И все чаще я задумываюсь о том, кто же была та причудливая старуха, бродившая как-то тридцать лет назад по нижним залам; на что глядела она из своего угла, когда наступало мгновение, запечатленное на старом снимке. И я говорю себе: «Может быть, ей полюбился мальчик, встреченный ею в тенистом зале и скоро уведенный прочь отцом; и, не найдя их и возвратясь в тот же зал, она глядела загадочно, пристально на черную витрину, у которой он недавно стоял. Потом призрачная фантоша в недрах моего стереоскопа стала стеречь мертвым взором витрину со скарабеями: ведь у этой витрины увидала она когда-то полюбившийся ей детский облик; и этим взором, затаившим в себе ее выцветшую думу о мальчике, она охраняла в далеком доме вечный покои моего двойника, ревниво боясь, чтобы не похитили его из печальных областей, оберегая его тайну и с нею все иные тайны прошлого… Я не знаю и страшусь знать, кем была она в нашем, живом, мире, когда в туманном детстве я встретился с ней; но из владений ее двойника не уйти призраку мальчика, что сидит теперь во мраке своей невозвратной комнаты». Так размышляю я, а остов стереоскопа стоит на столе, освещенный лампою, и предо мною лежит темный скарабей, тайна тех грустных стран и моего отроческого двойника, похищенная у старухи.

1905

Об авторе: Иванов Александр Павлович

(1881–1933; по другим данным 1940).

Писатель, искусствовед, математик, художественный критик.

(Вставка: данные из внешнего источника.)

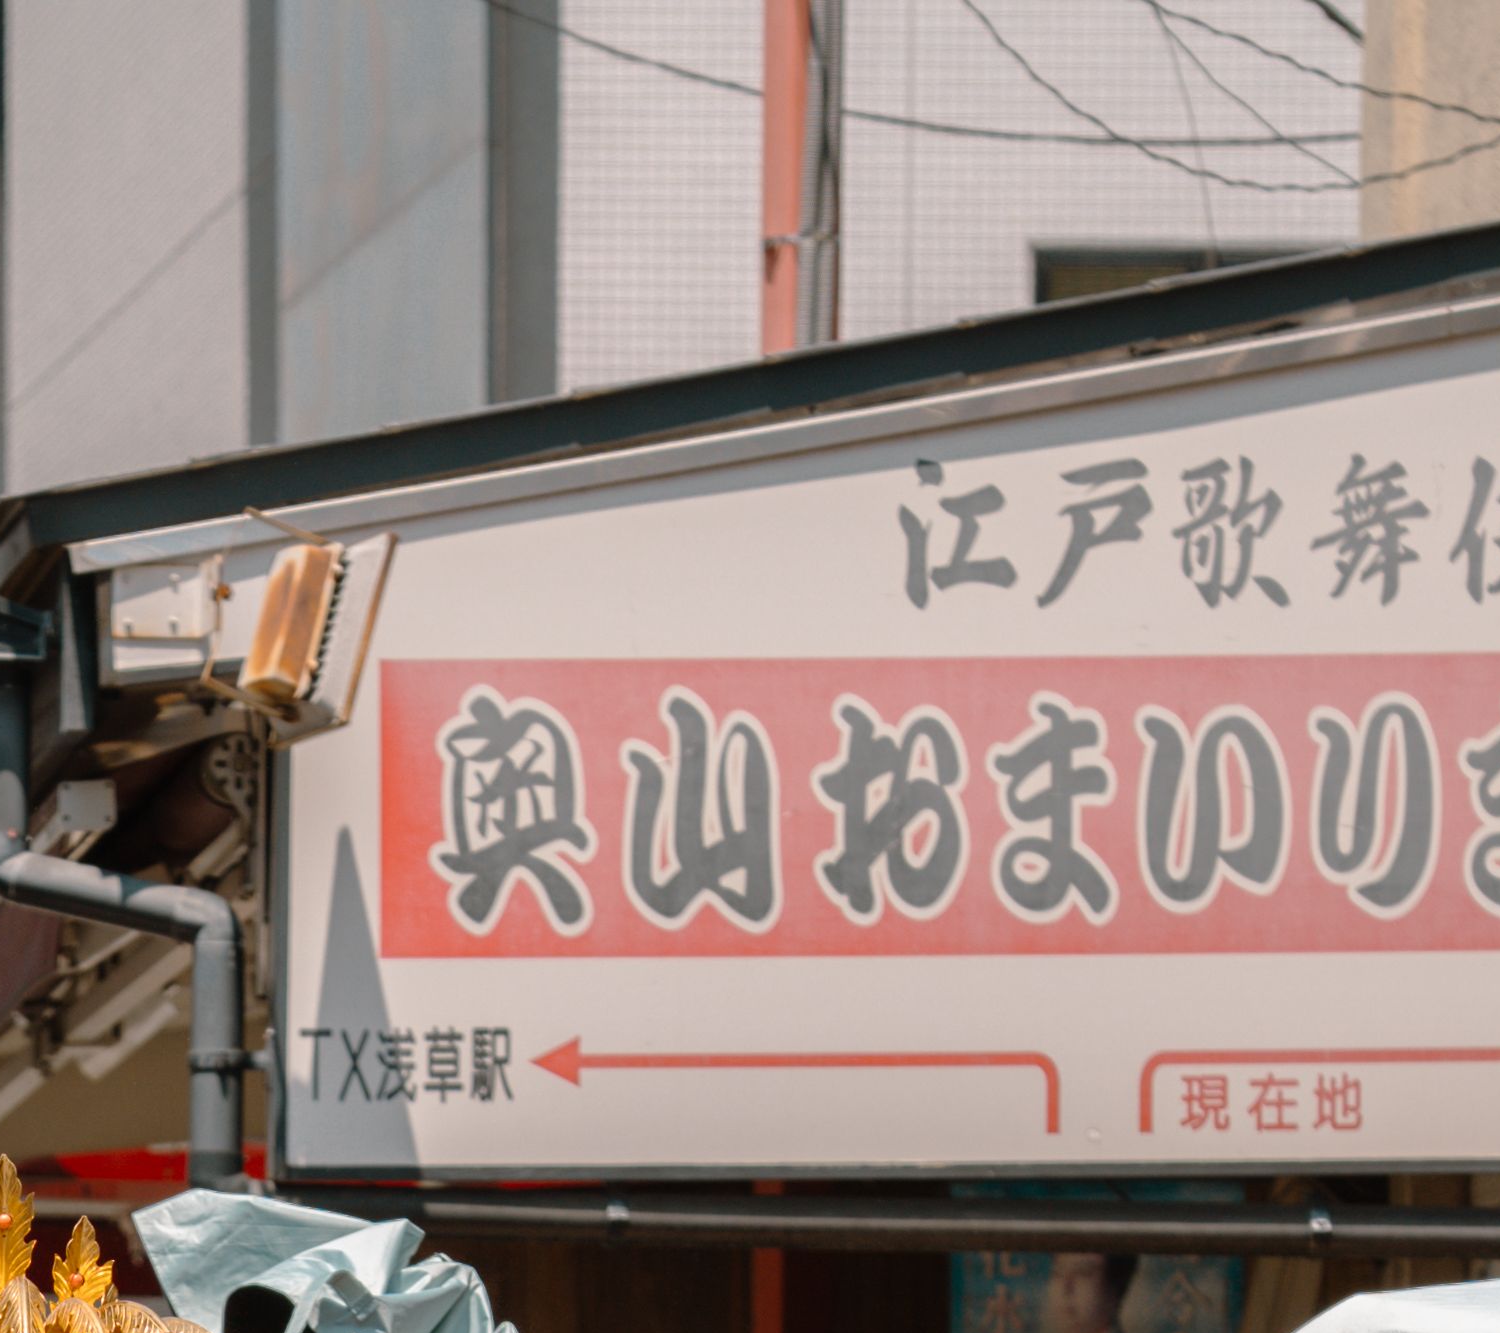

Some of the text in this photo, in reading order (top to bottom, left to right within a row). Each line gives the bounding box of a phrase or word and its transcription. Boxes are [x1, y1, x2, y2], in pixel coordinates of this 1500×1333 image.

[298, 1024, 515, 1106] TX浅草駅
[1179, 1073, 1365, 1134] 現在地

Сын личного дворянина, члена совета Волжско-Камского банка. Выступал в печати очень редко. Публикуемый рассказ «Стереоскоп» – единственное его художественное произведение. Тем не менее в кругах символистов и ценителей искусства мнение А. П. Иванова было очень существенным. А. П. Иванов – первый биограф М. А. Врубеля, сумевший в небольшом очерке создать художественный, творческий образ выдающегося мастера русской живописи. В начале 1910-х гг. А. П. Иванов был сотрудником ряда крупных петербургских газет и журналов, а также заведующим художественным отделом газеты «Русская молва» и корреспондентом киевского журнала «Искусство». «Хочу тебе сказать, что все больше ценю „Стереоскоп“… Очень много думаю об этом, – писал А. Блок к Е. П. Иванову, брату А. П. Иванова. – Думаю, что это вместе с брюсовской прозой принадлежит к первым в русской литературе „научным“ опытам искусства… Среди старых писателей намек на эти методы и этот язык был только у Пушкина» (Блоковский сборник. Тарту, 1974).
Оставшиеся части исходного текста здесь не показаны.